9. There are two parallel parts in the center of the sphere, which are 9 cm apart, with an area of 49 square centimeters and 400 square centimeters respectively. If the center of the sphere is not between the two parts, the surface area of the sphere is between the two parts.
10, if all six faces of a parallelepiped are diamonds with a side length of 2 and an acute angle of 600, then its volume is.
Third, answer questions:
1, as shown in the figure, it is known that the height of the quadrangle V-ABCD is h, the bottom surface is rhombic, the angle formed by the side surface VDA and the side surface VDC is 1200, and both are perpendicular to the bottom surface, and the angle formed by the other two sides and the bottom surface is 450, so the total area of the quadrangle can be found.

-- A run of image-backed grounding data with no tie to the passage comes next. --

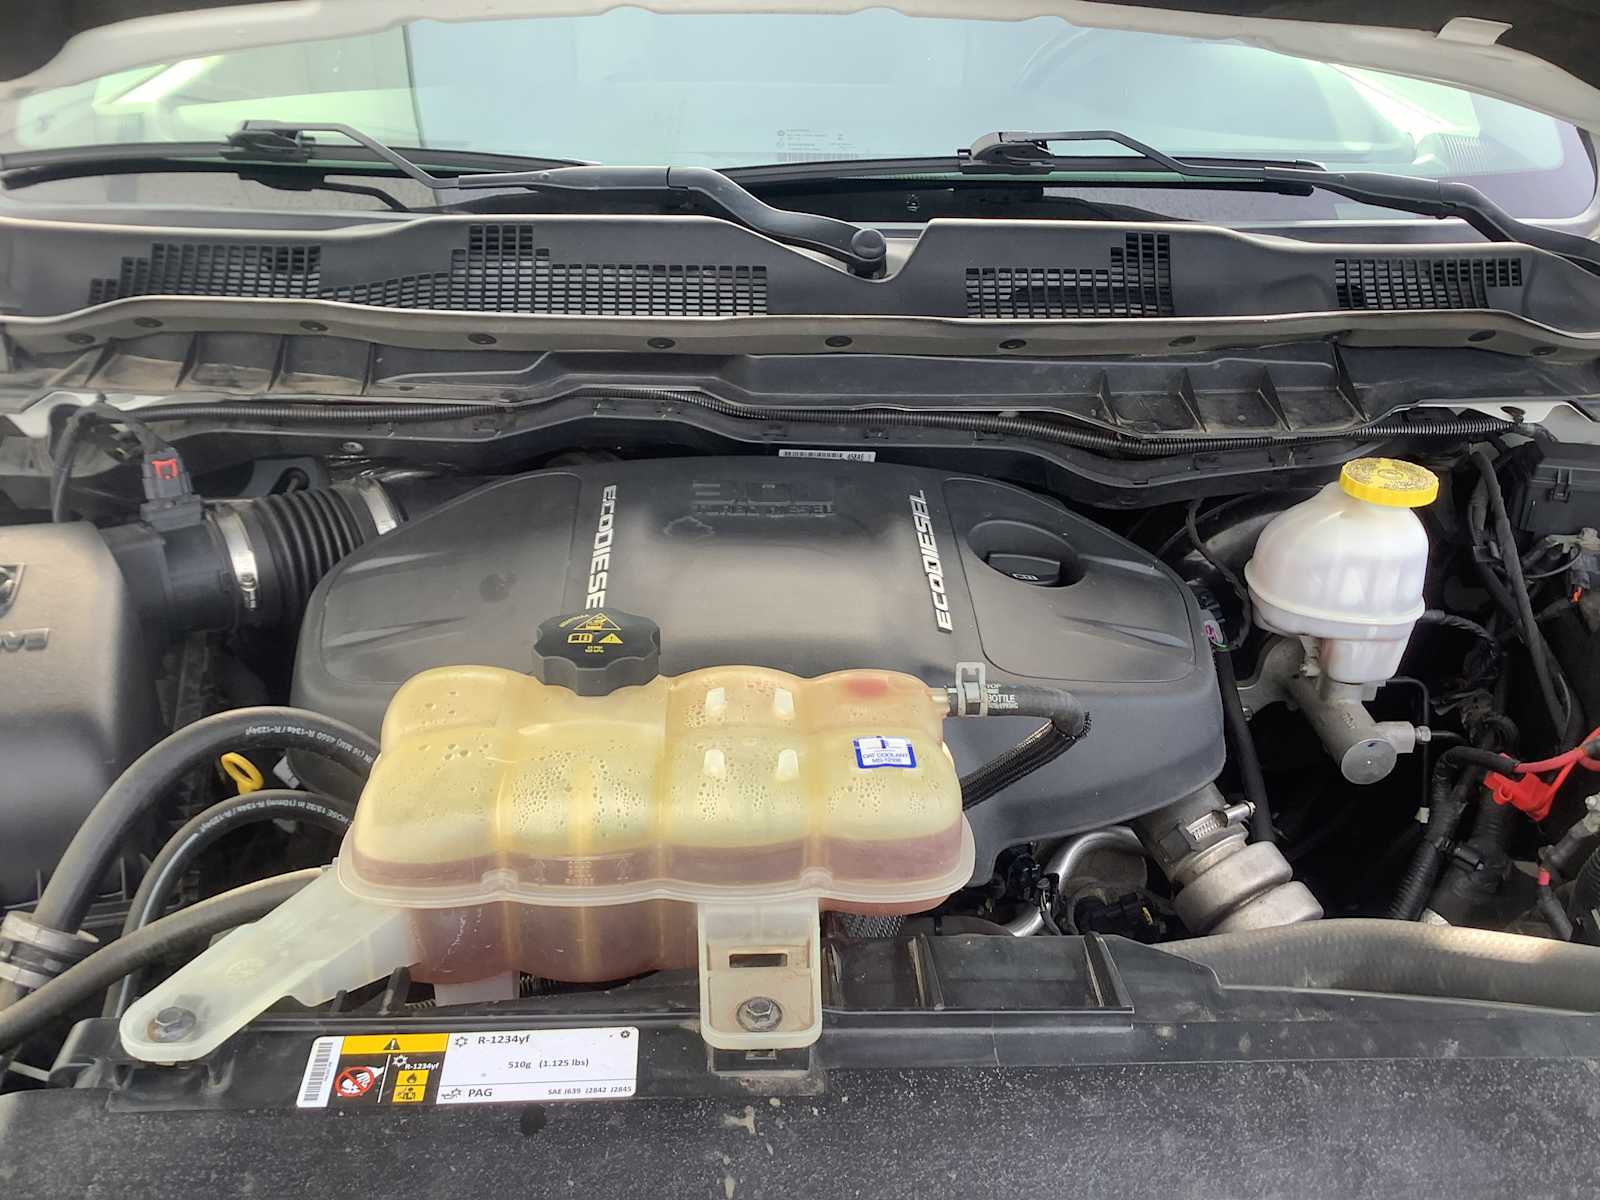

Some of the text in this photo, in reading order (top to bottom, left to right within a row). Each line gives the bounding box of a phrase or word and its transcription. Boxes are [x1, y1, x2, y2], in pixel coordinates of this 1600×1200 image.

[585, 484, 617, 610] ECODIESE
[908, 489, 953, 633] ECODIESEL
[477, 1034, 531, 1046] R-1234yf
[404, 1061, 440, 1071] R-1234yf
[507, 1058, 590, 1070] 510g (1.125 lbs)
[467, 1088, 493, 1098] PAG
[547, 1085, 632, 1096] SAE J639 J2842 J2845
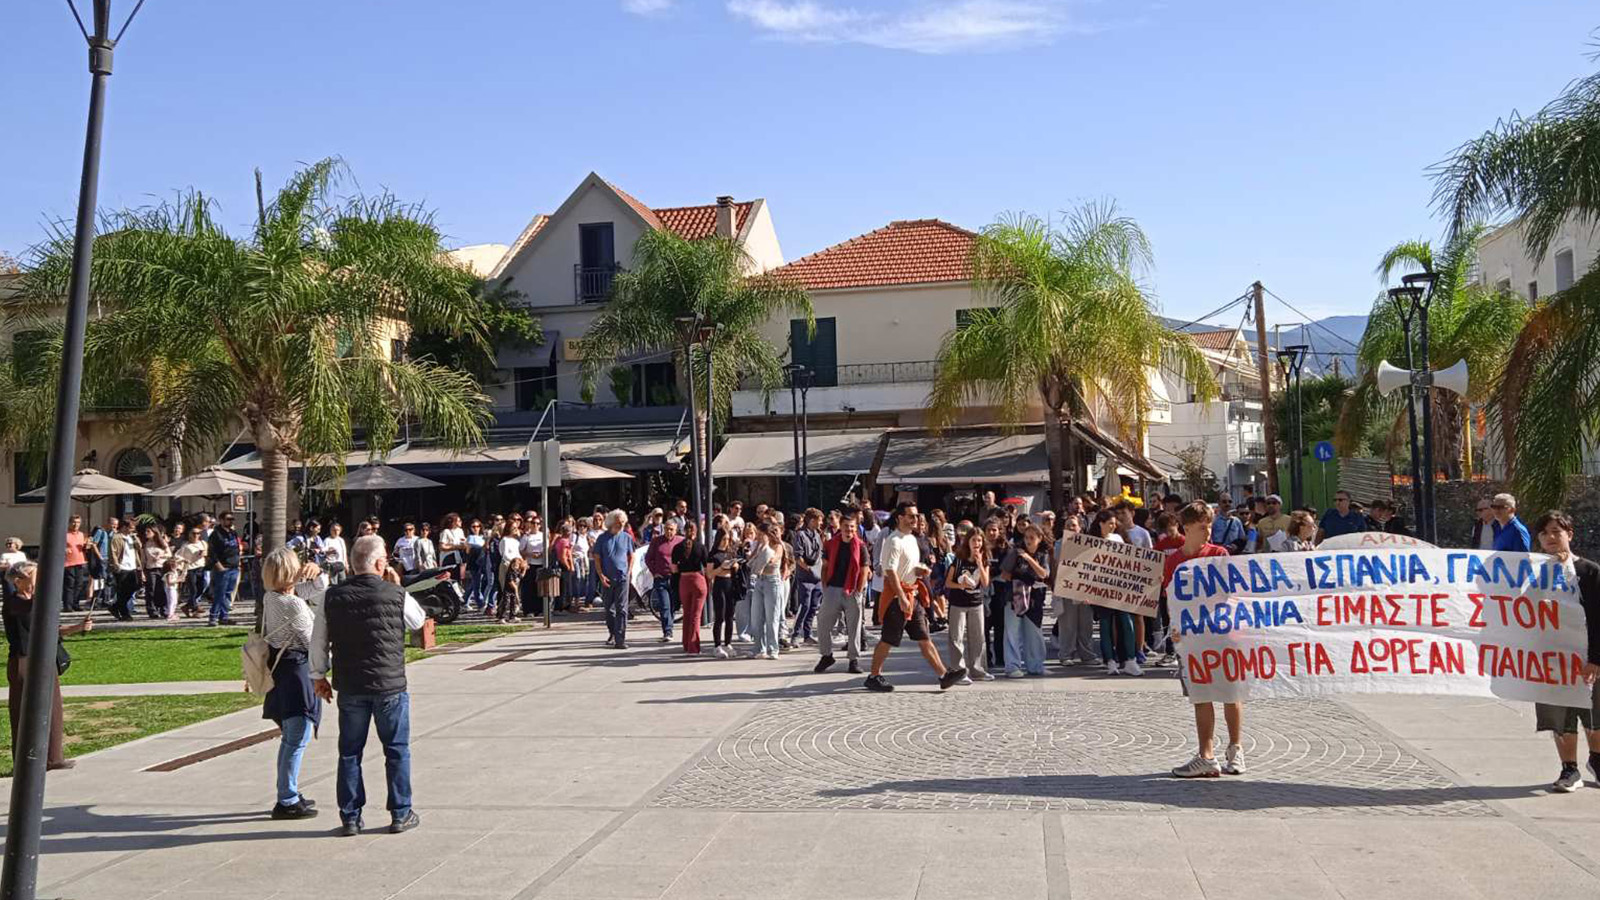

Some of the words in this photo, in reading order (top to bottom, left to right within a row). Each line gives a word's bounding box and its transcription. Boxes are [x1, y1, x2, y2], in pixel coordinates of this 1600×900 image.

[1084, 537, 1132, 556] ΜΟΡΦΩΣΗ
[1135, 548, 1163, 563] ΕΙΝΑΙ
[1061, 559, 1079, 568] ΔΕΝ
[1092, 574, 1145, 594] ΔΙΕΚΔΙΚΟΥΜΕ
[1174, 558, 1302, 601] ΕΛΛΑΔΑ,
[1305, 553, 1439, 590] ΙΣΠΑΝΙΑ,
[1447, 553, 1576, 594] ΓΑΛΛΙΑ,
[1076, 582, 1123, 601] ΓΥΜΝΑΣΙΟ
[1180, 600, 1303, 636] ΑΛΒΑΝΙΑ
[1316, 593, 1450, 628] ΕΙΜΑΣΤΕ
[1469, 593, 1561, 631] ΣΤΟΝ
[1187, 645, 1277, 685] ΔΡΟΜΟ
[1288, 642, 1335, 677] ΓΙΑ
[1350, 638, 1465, 675] ΔΩΡΕΑΝ
[1478, 643, 1586, 686] ΠΑΙΔΕΙΑ
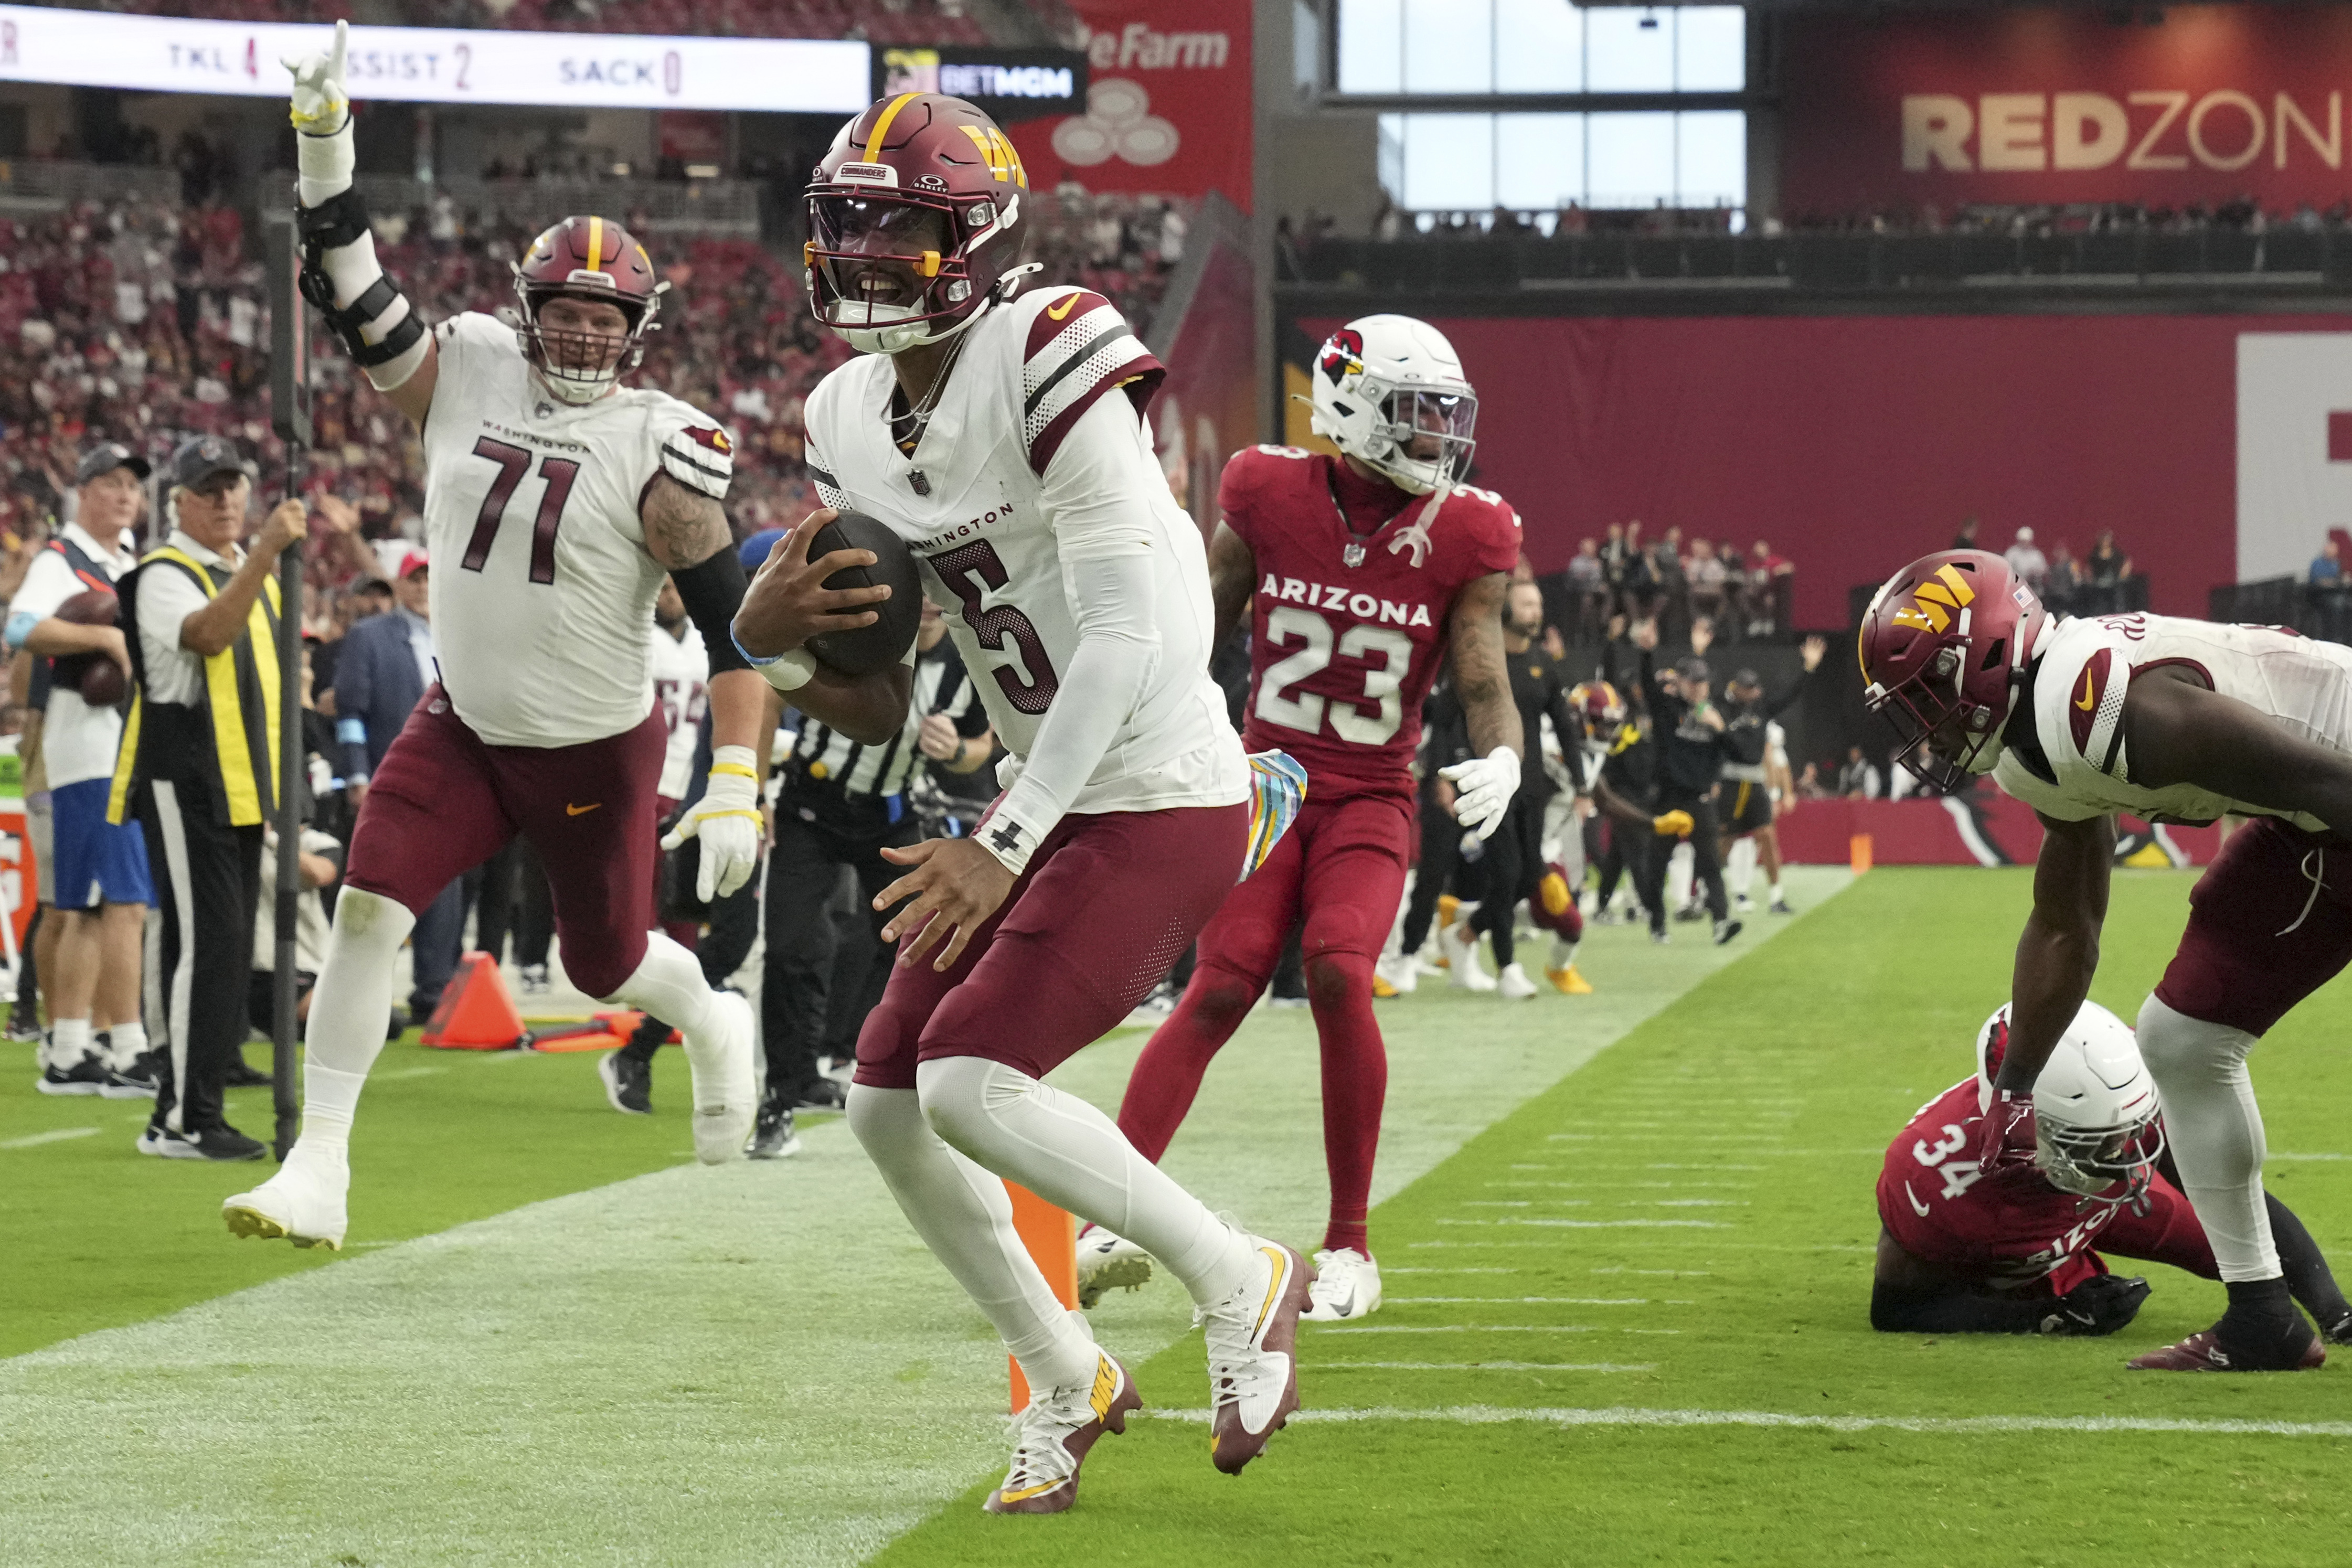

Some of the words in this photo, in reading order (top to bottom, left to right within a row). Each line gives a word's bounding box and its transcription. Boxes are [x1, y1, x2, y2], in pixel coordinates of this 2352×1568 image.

2. In the oblique triangular prism A'b'c-ABC, the length of each side is a, A'b = A'c = A,
(1) Verification: the side BCC'B is rectangular; (2) Find the distance from B to A side.
3. As shown in the figure, it is known that the side length of the bottom surface of the regular quadrangular prism ABCD-A1B1D1is 3 and the side length is 4. Even if CD 1 is C 1M⊥CD 1, the dihedral angle C 1-A 1m-D 1 is found at m (2).
4. It is known that in the oblique prism ABC-A1B1C1D1,AC=BC, D is the midpoint of AB, the plane ABC⊥ plane ABB 1A, and the straight line BC 1.
(1) verification: ab1⊥ CD; (2) Verification: AB 1⊥ Aircraft A 1CD
(3) if the distance between C 1C and ABB 1A 1 is 1, A 1C=, AB 1=5, find the volume of the triangular pyramid A 1-ACD.
5. In the right-angle prism ABCD-A1B1C1D1,the bottom ABCD is trapezoidal AB//CD, and AB = AD = 2, ∠ BAD = 600, CD =, AA/Kloc. (2) Find dihedral angle b1-ad1-b. 。